Amigos protectores de Letras-Uruguay

Hombres de bien
Carlos Martín Briceño

Para Artemio Espínola, i. m.

Muchos años he tratado de olvidar lo ocurrido en el sótano del Colegio Español durante mi adolescencia. Todavía despierto cada madrugada con una opresión en el pecho que me impide volver a conciliar el sueño. Entonces, con delicadeza, para no perturbar a mi esposa, me levanto, salgo de la habitación y camino hasta la recámara de mi hijo para observarlo de cerca mientras escucho el apacible ritmo de su respiración.

Iba a cumplir trece años cuando mi padre me llevó por primera vez al edificio gris de aquella escuela para varones. El director, viejo y enjuto, traje negro, monóculo y reloj de leontina, nos recibió en su despacho. Luego de escuchar las quejas de papá a causa de mi mala disposición para el estudio, se me quedó viendo con sus ojillos cenizos, colocó sus manos de largos dedos sobre mi cabeza, y dijo: No se preocupe, ingeniero, aquí vamos a hacer de su vástago un hombre de bien.

 

Aquello sonaba absurdo en los labios de ese individuo cuyo rostro era la viva imagen de una rata, pero preferí mantener la boca cerrada. Salí de la oscuridad de esa oficina con la sensación de haberme convertido en un conejillo de indias entregado a un laboratorio dirigido por un demente.

Esa noche mi padre estuvo de muy mal humor. Casi se corta un dedo al rebanar un trozo de pescado para la cena.

Si tu madre viviera, dijo, en tanto se chupaba la sangre de la herida para detener la breve hemorragia, estaría de acuerdo conmigo en llevarte a ese colegio.

No contesté. ¿Para qué? En esa época yo hubiera hecho cualquier cosa por no pasarme otra temporada recluido en la empacadora destripando huachinangos. De sólo pensar en el cansancio producido por las fastidiosas jornadas, las espinas en mis palmas y la fetidez de las vísceras podridas, tuve basca. ¡Y de encima estaban las cucarachas pululando en las mesas de trabajo! Aborrezco la textura brillante de sus carapachos, la lenta y cautelosa oscilación de sus antenas; me asusta la forma inteligente en que se desplazan de un lado a otro cuando se ven en peligro; sería capaz de acariciar un perro sarnoso antes que tocar a uno de esos bichos.

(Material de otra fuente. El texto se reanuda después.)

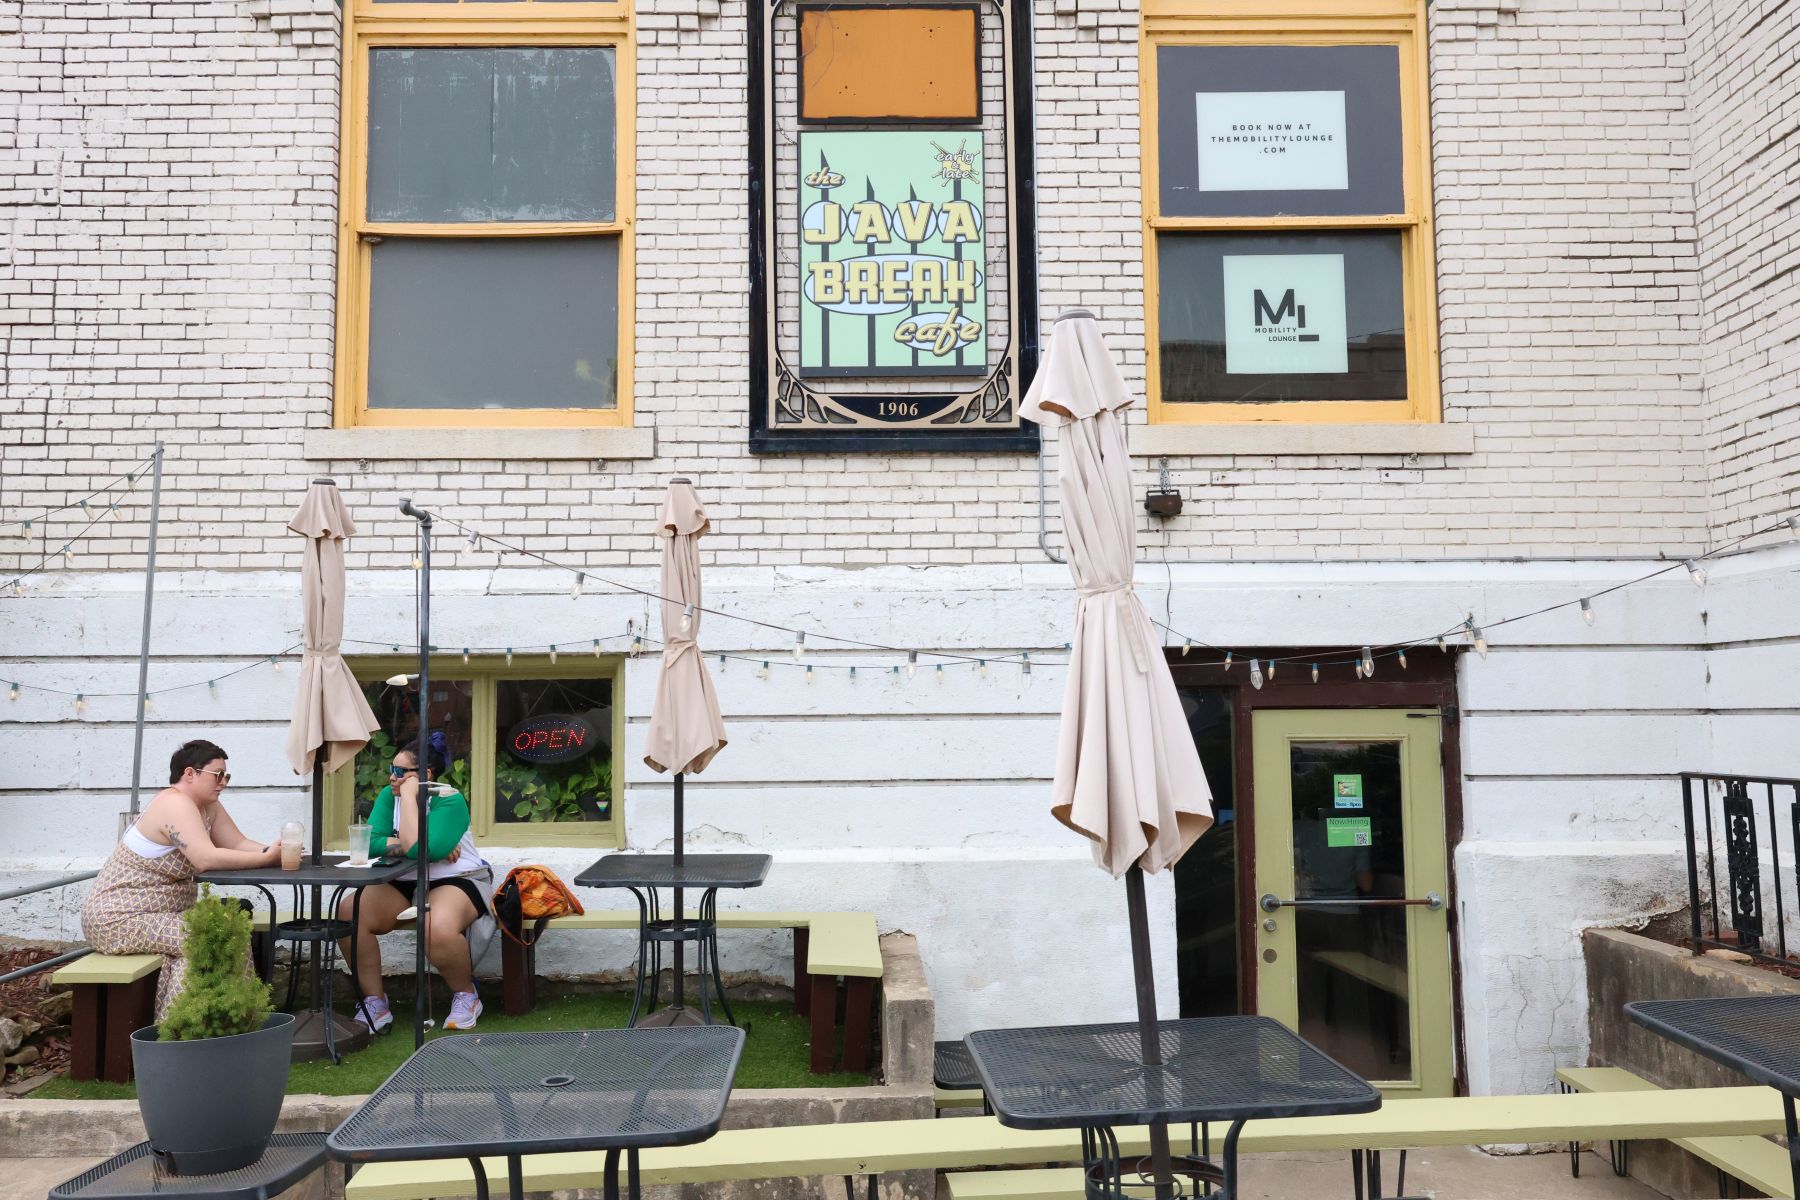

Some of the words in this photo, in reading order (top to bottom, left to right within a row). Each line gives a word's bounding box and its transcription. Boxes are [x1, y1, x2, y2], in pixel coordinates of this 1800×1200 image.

No fue cosa fácil la supervivencia en aquella escuela dominada por extrañas leyes impuestas por alumnos rebeldes. ¿Cuántas veces no encontré escupitajos en el interior de mis cuadernos, o cadáveres de insectos en mi mochila? ¡Cómo olvidar las risas de hiena de mis compañeros cuando, al dirigirme hasta mi sitio en el salón, azuzados por Gorocica, el cabecilla del grupo, me tanteaban las nalgas!

Tengo muy presente algo que sucedió poco después de mi llegada al colegio. Compartía el pupitre conmigo un niño obeso y tímido. Entre clase y clase, el muchacho sacaba de su mochila un frasco de cajeta. Una mañana, no bien había comenzado a saborear la primera cucharada, cuando se le desencajó el rostro. Enseguida vomitó manchándome la camisa. Iba a caerle a golpes cuando vino hasta mis narices el olor de la mierda. Las burlas de aquellos desgraciados confirmaron mis suposiciones.

Y luego sigues tú, espetó Gorocica, delante de todos.

Estuve a punto de soltarle un golpe en el estómago, pero en ese momento entraba el director y opté por permanecer quieto en mi lugar, rumiando el coraje.

Así transcurrió el tiempo hasta el día en que trataron de meterme una cucaracha en la boca; quedó en intento, porque les resultó imposible: durante el forcejeo, la angustia me llevó a hundirle a Gorocica la punta de mi compás arriba del pecho, muy cerca del corazón.  La clase entera se quedó en silencio, no daba crédito: el nuevo, el no-me-meto-con-nadie, el pendejito, se había rebelado. Gorocica mentaba madres, corrió hacia los baños dando alaridos, tuvo que acudir el mismísimo director para tranquilizarlo, y el prefecto Espadas, un viejo sudoroso que acostumbraba cortarse el pelo a rape, le vendó con cuidado la herida.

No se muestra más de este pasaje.